Problem to work on >> Leave every image out, and print the remaining lines below exactly.

Stored records
Start of Block
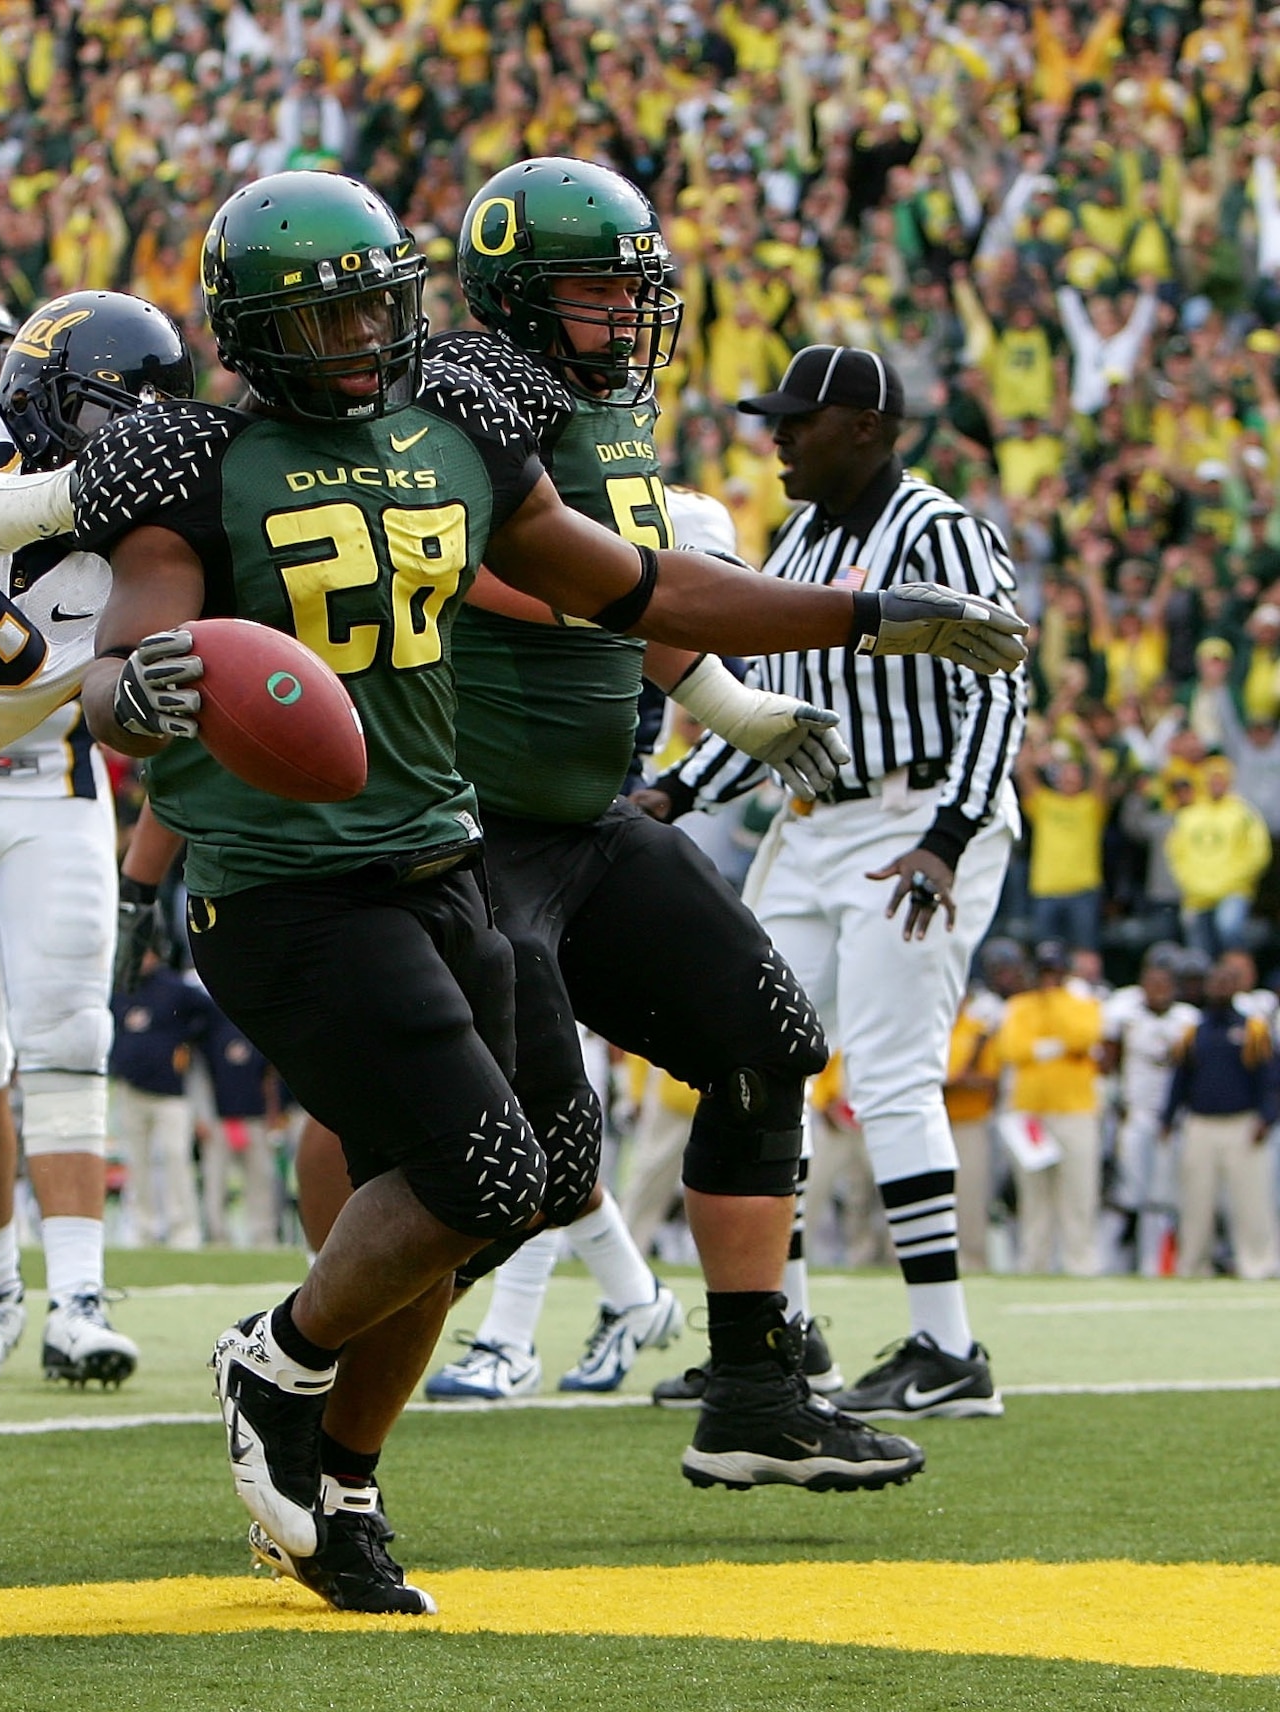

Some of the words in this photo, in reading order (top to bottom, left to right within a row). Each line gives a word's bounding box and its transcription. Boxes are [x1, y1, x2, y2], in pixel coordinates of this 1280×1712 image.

[471, 197, 518, 257] O
[340, 252, 362, 272] O
[595, 440, 654, 463] DUCKS
[285, 467, 438, 493] DUCKS
[262, 500, 468, 676] 28
[265, 670, 302, 706] O
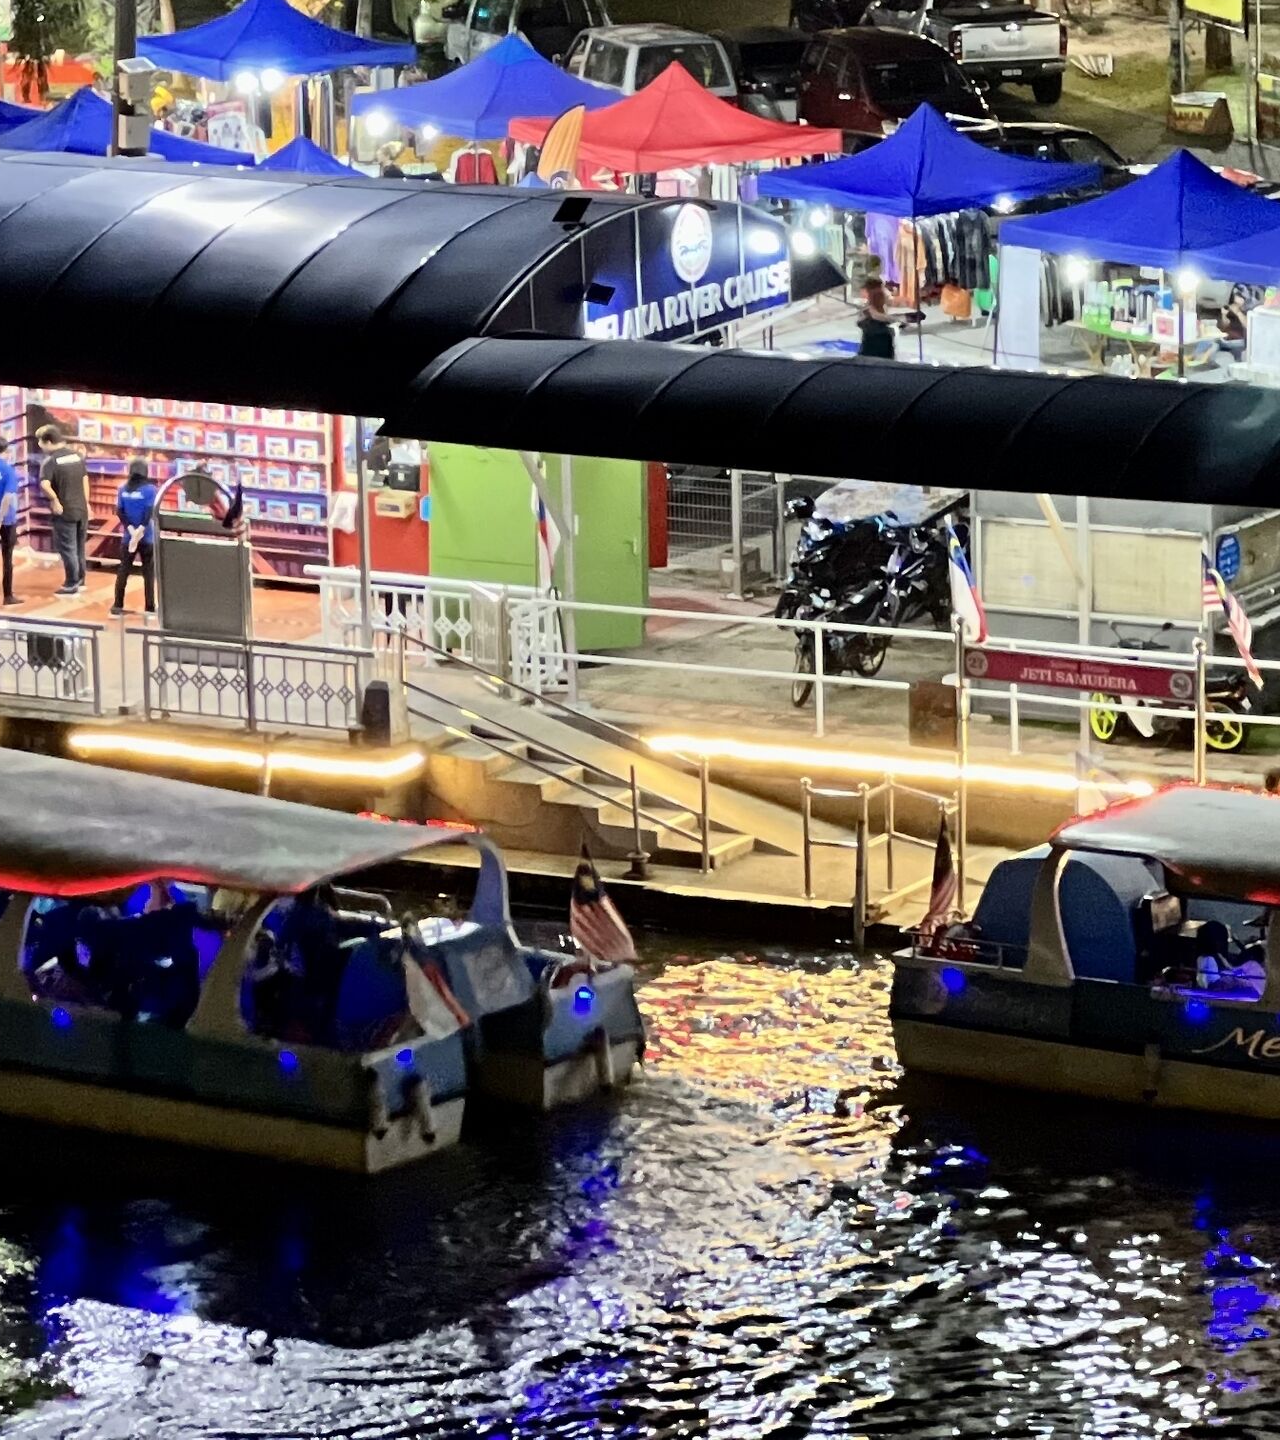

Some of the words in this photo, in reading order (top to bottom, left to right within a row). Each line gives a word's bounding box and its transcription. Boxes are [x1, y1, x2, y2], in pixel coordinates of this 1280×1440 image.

[664, 282, 724, 328] RIVER
[723, 259, 791, 308] CRUISE
[1020, 667, 1052, 682] JETI
[1055, 669, 1137, 691] SAMUDERA
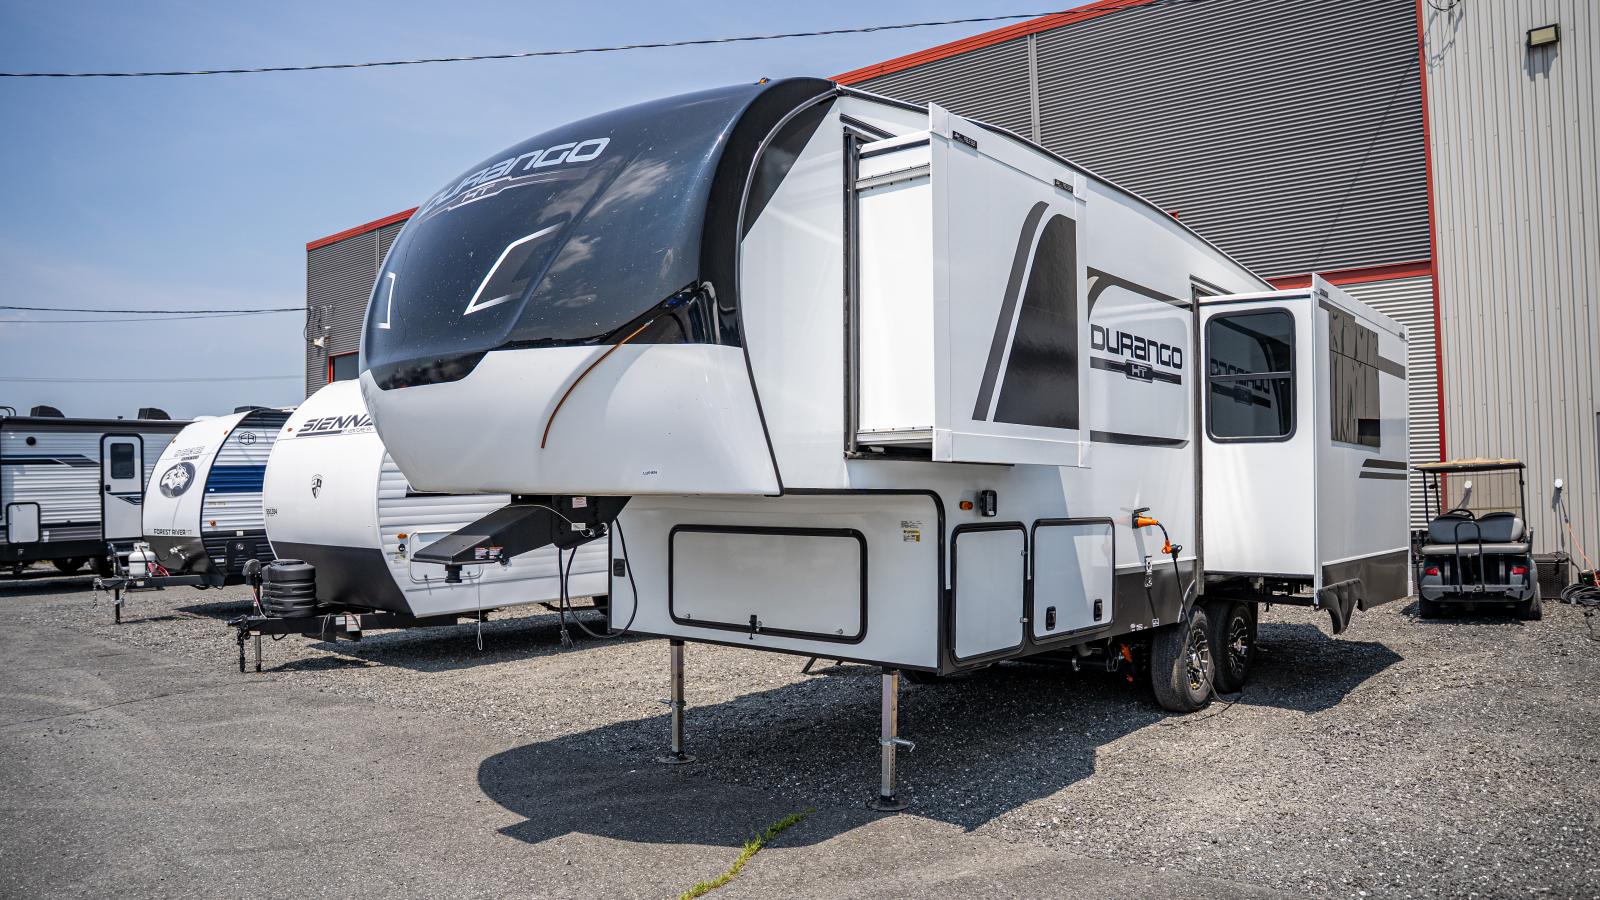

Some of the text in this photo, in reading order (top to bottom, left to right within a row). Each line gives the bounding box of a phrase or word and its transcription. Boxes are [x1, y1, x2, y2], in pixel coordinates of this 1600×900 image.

[461, 183, 496, 203] HT
[1131, 364, 1148, 378] HT
[153, 528, 171, 536] FOREST
End of Block
Exercise solution >>
Some of the words in this photo, in reading order (top to bottom, left to right within a row). Each line gives a word's bounding box and its transcription. Boxes are [x1, y1, x2, y2], in pixel coordinates of this 1280×1712 image.

[471, 197, 518, 257] O
[340, 252, 362, 272] O
[595, 440, 654, 463] DUCKS
[285, 467, 438, 493] DUCKS
[262, 500, 468, 676] 28
[265, 670, 302, 706] O

Some of the words in this photo, in reading order (top to bottom, left to right within a row). Each line gives a word's bounding box and its transcription. Boxes are [x1, y1, x2, y2], in pixel coordinates of this 1280×1440 image.

[664, 282, 724, 328] RIVER
[723, 259, 791, 308] CRUISE
[1020, 667, 1052, 682] JETI
[1055, 669, 1137, 691] SAMUDERA

Some of the text in this photo, in reading order (top to bottom, left to right within a row). Each line gives the bounding box of a phrase or word and its transcription. Boxes are [x1, y1, x2, y2], in pixel coordinates of this 1600×900 image.

[461, 183, 496, 203] HT
[1131, 364, 1148, 378] HT
[153, 528, 171, 536] FOREST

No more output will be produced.